### Try it
Please retype the records below exactly as they appear, leaving out every picture.

### Available data
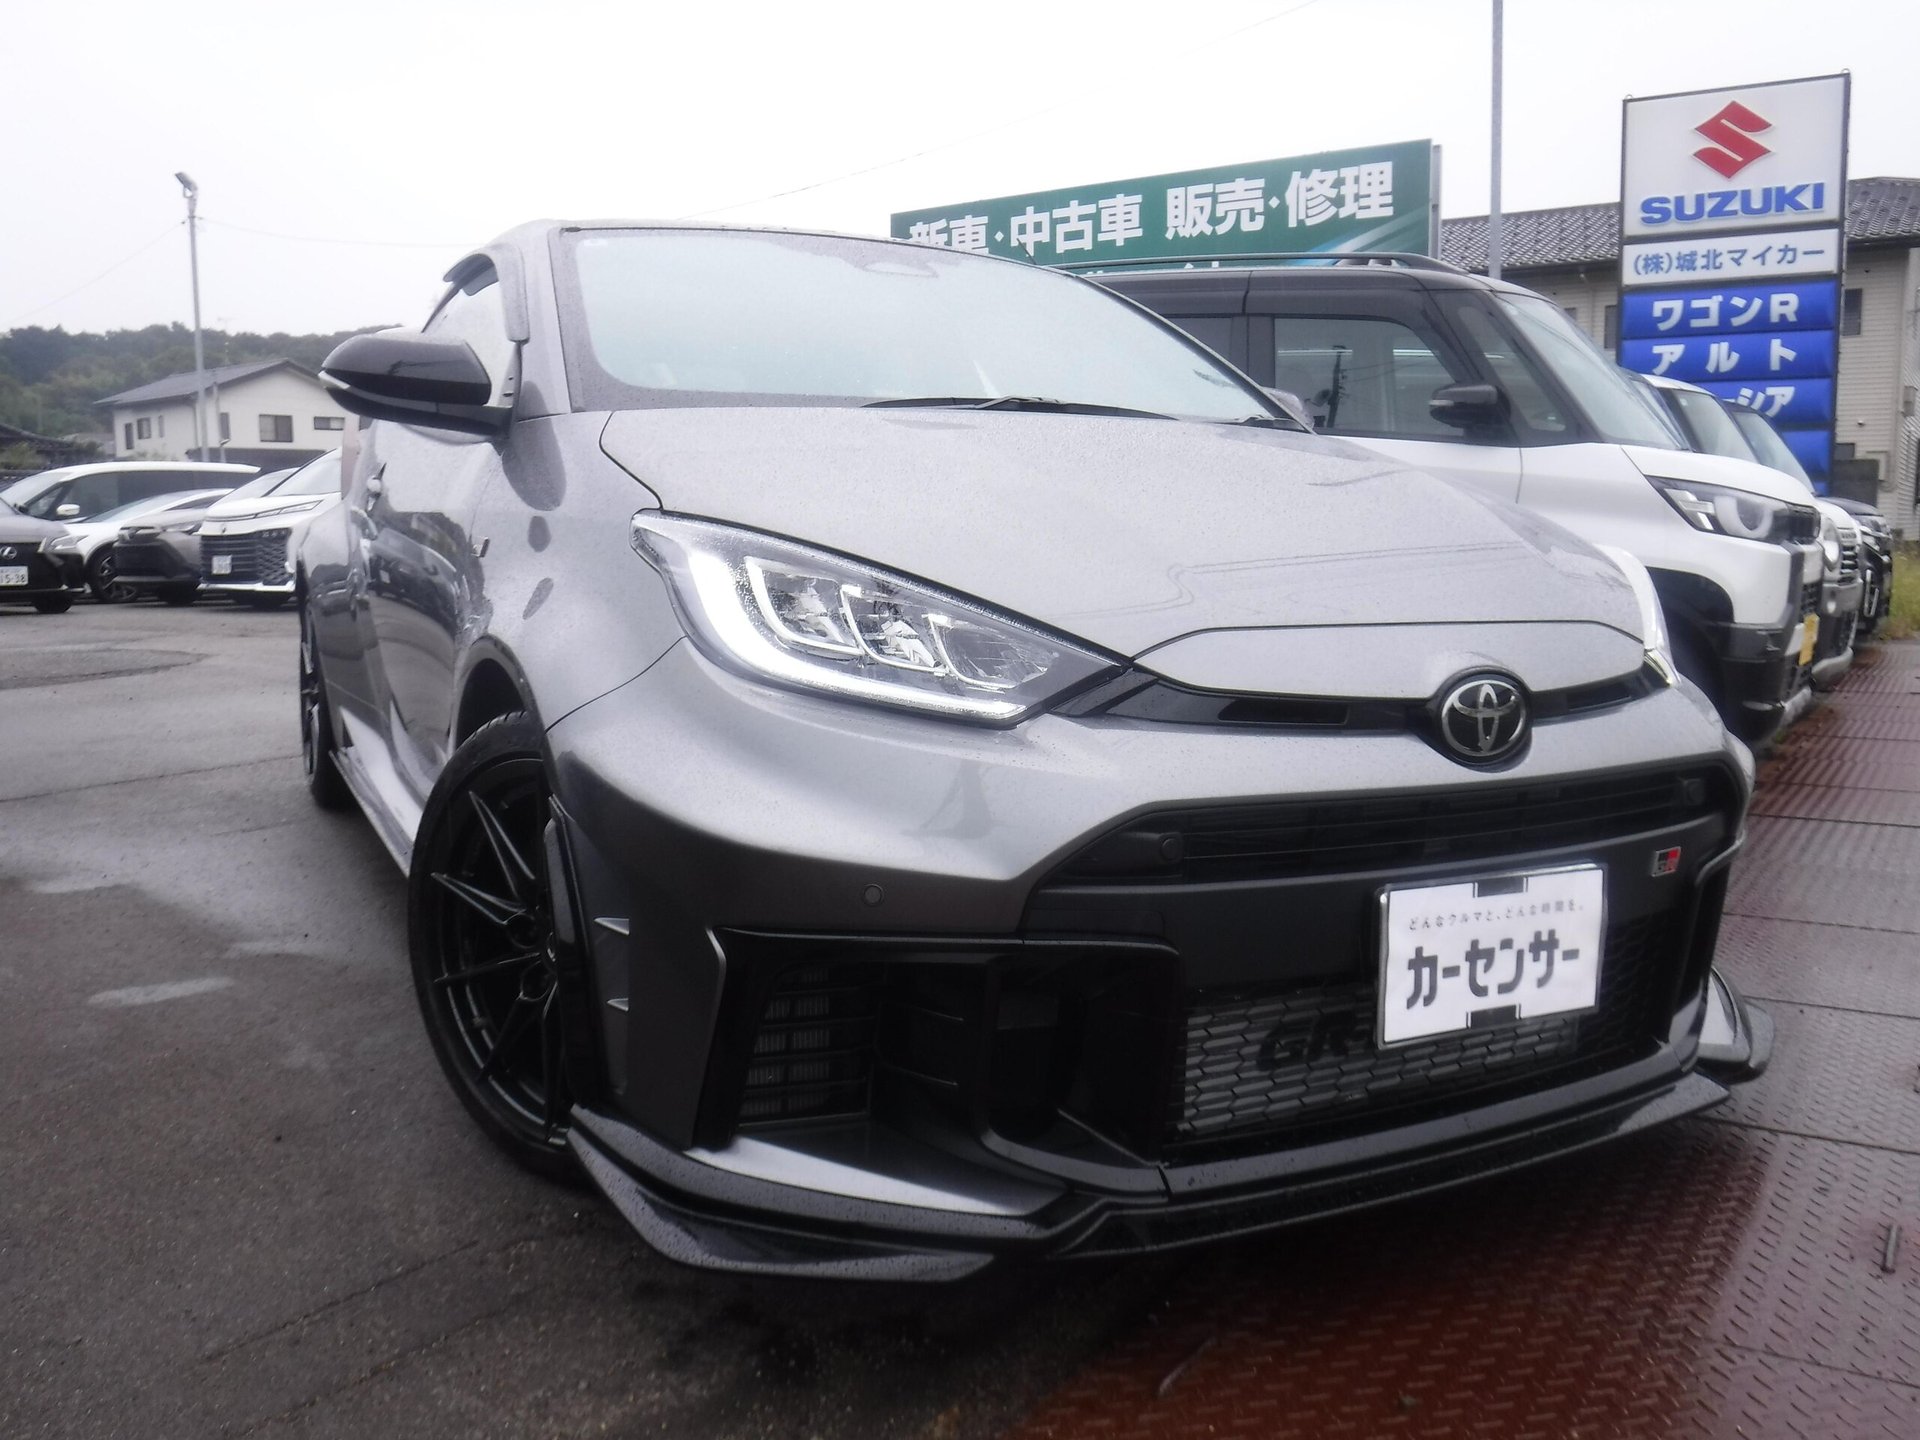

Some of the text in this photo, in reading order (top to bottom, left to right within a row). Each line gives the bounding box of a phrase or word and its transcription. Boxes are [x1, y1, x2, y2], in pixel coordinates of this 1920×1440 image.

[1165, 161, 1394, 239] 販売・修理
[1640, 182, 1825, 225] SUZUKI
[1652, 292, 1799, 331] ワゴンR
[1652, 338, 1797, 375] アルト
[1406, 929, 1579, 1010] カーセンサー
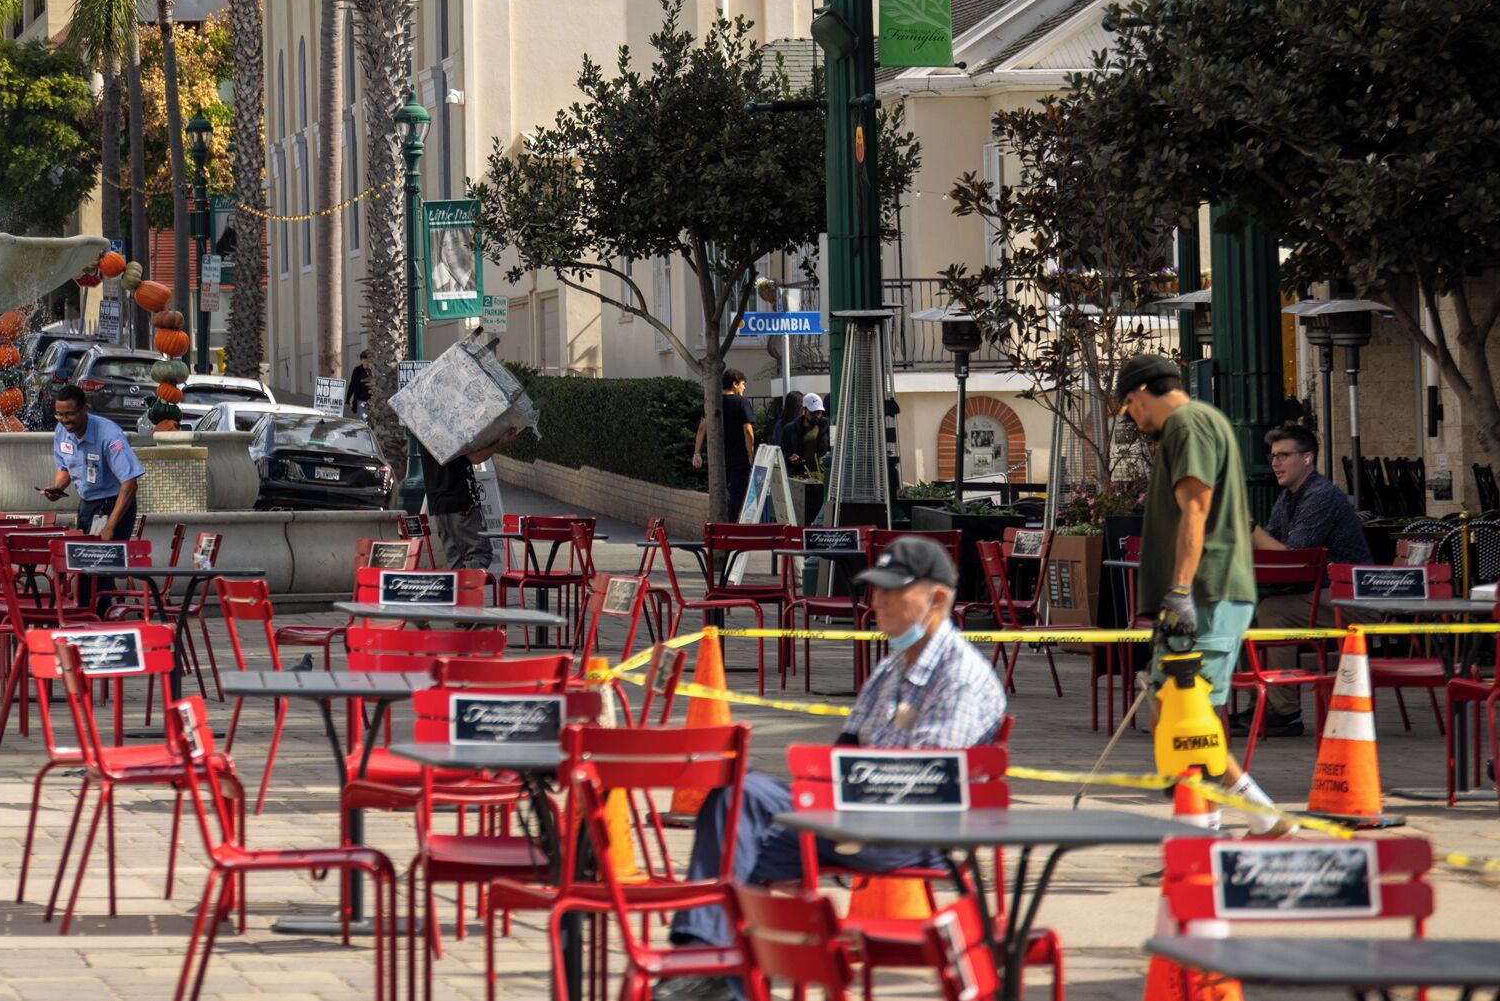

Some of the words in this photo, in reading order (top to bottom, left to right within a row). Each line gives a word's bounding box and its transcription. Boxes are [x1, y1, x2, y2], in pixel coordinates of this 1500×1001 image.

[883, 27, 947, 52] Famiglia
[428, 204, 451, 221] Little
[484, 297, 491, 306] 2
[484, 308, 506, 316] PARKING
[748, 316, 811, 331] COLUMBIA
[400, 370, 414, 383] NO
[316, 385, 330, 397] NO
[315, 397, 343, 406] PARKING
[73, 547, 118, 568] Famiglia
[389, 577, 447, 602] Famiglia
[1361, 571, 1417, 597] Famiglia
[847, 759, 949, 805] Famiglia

### Task output
Some of the text in this photo, in reading order (top to bottom, left to right within a row). Each line gives the bounding box of a phrase or word and its transcription. Boxes are [x1, y1, x2, y2], in pixel coordinates of this 1920×1440 image.

[1165, 161, 1394, 239] 販売・修理
[1640, 182, 1825, 225] SUZUKI
[1652, 292, 1799, 331] ワゴンR
[1652, 338, 1797, 375] アルト
[1406, 929, 1579, 1010] カーセンサー

Some of the words in this photo, in reading order (top to bottom, left to right within a row). Each line gives a word's bounding box and its transcription. Boxes are [x1, y1, x2, y2], in pixel coordinates of this 1500×1001 image.

[883, 27, 947, 52] Famiglia
[428, 204, 451, 221] Little
[484, 297, 491, 306] 2
[484, 308, 506, 316] PARKING
[748, 316, 811, 331] COLUMBIA
[400, 370, 414, 383] NO
[316, 385, 330, 397] NO
[315, 397, 343, 406] PARKING
[73, 547, 118, 568] Famiglia
[389, 577, 447, 602] Famiglia
[1361, 571, 1417, 597] Famiglia
[847, 759, 949, 805] Famiglia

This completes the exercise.